The sisters arrange a social gathering where they expect the Stooges to discredit themselves. To ensure the success of their scheme, Diggins bribes a butler who is carrying a large cake to feign a stumble and hit Moe with the cake. A resulting tit-for-tat exchange soon escalates into a chaotic pie fight. When Diggins uses the opportunity to threaten annulment, the Jones sisters, along with the Stooges, retaliate against Diggins by subjecting him to a pie-filled retribution.

==Production notes==
In the Sweet Pie and Pie was filmed between April 30 and May 3, 1941. The film makes references to several popular songs/series' of the era:
- Moe's comment "I am The Shadow" parodies the 1940 Columbia radio serial The Shadow.
- "Bill Stein," who broadcasts a "jerk-by-jerk" description of the hanging of the Mushroom Murder Mob, is a parody of real-life sportscaster Bill Stern.
- The title In the Sweet Pie and Pie is a play on the old song, "In the Sweet By and By"; the names of the sisters, Tiska, Taska, and Baska, were a play on the song, "A-Tisket, A-Tasket"; Curly's comment to Moe "I hear a rhipsody" parodies the 1940 song "I Hear a Rhapsody".
- The sisters' fiancés are named Tom, Dick and Harry, a reference to the famous phrase.

Recycled footage for In the Sweet Pie and Pie was used in:
- The dancing lesson sequence was lifted from Hoi Polloi.
- The cell block footage is later re-used in Beer Barrel Polecats.
- Several shots from the pie fight would later appear in Pest Man Wins.

In the Sweet Pie and Pie marked the final appearance of supporting actor Richard Fiske.
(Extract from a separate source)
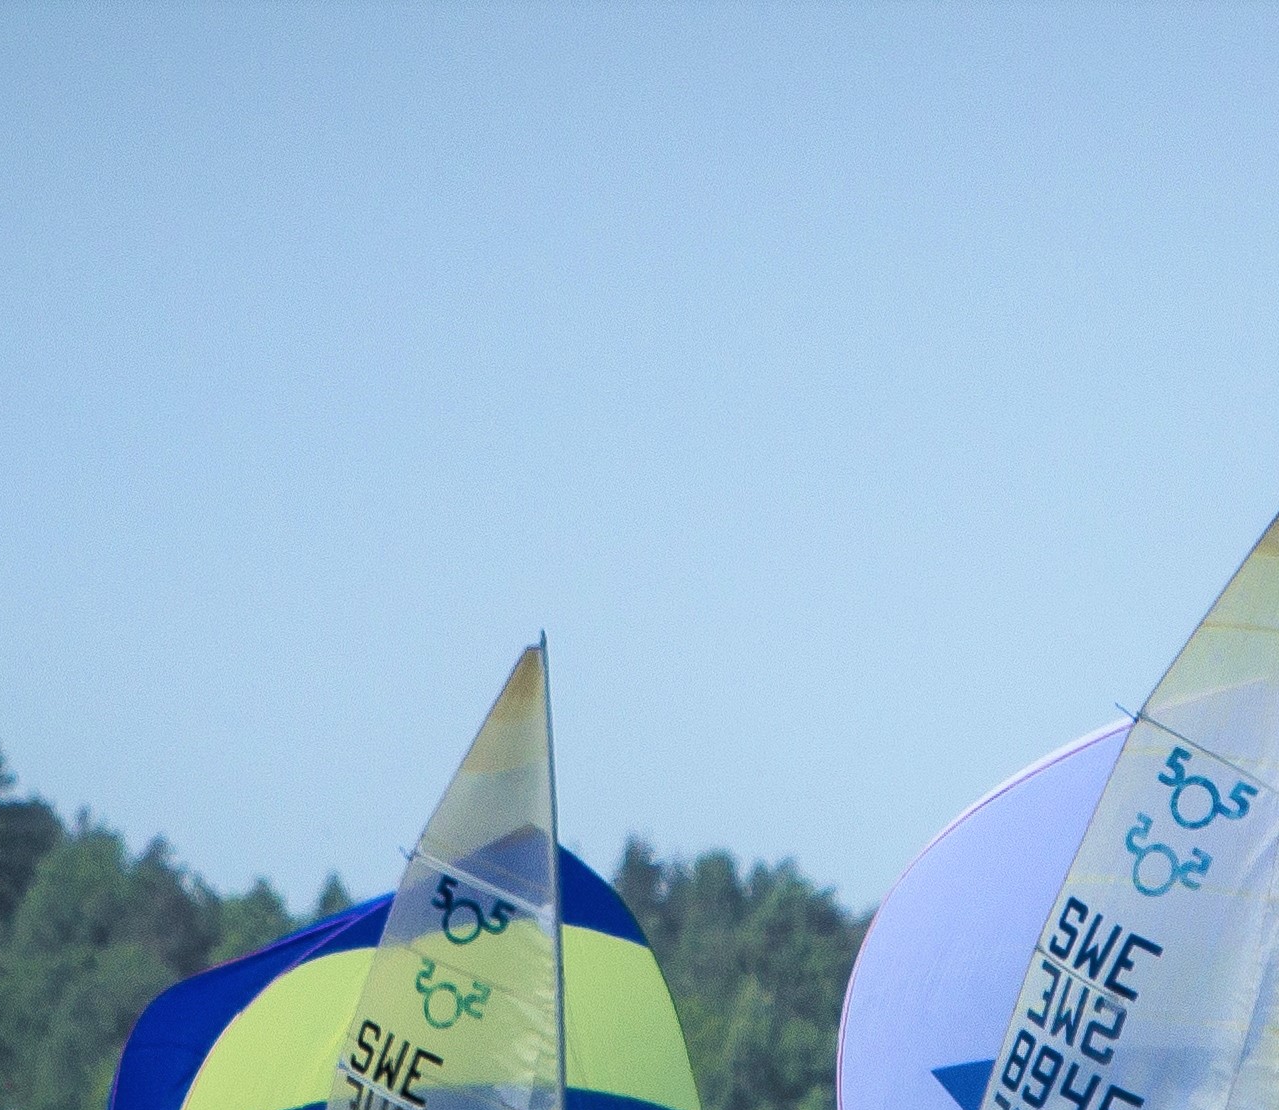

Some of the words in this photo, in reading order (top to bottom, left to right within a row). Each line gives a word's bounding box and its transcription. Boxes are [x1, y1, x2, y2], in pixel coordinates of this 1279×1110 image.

A perfect foil for the Stooges, Fiske's promising career was cut short when he was killed in action during World War II.

===Pie fights===
Larry Fine recalled that the most grueling scenes in In the Sweet Pie and Pie involved pies:

Sometimes we would run out of pies, so the prop man would sweep up the pie goop off the floor, complete with nails, splinters, and tacks. Another problem was pretending you didn't know a pie was coming your way. To solve this, Jules would tell me 'Now Larry, Moe is going to smack you with a pie on the count of three.' Then Jules would tell Moe, 'Hit Larry on the count of two!' So when it came time to count, I never got to three, because Moe crowned me with a pie!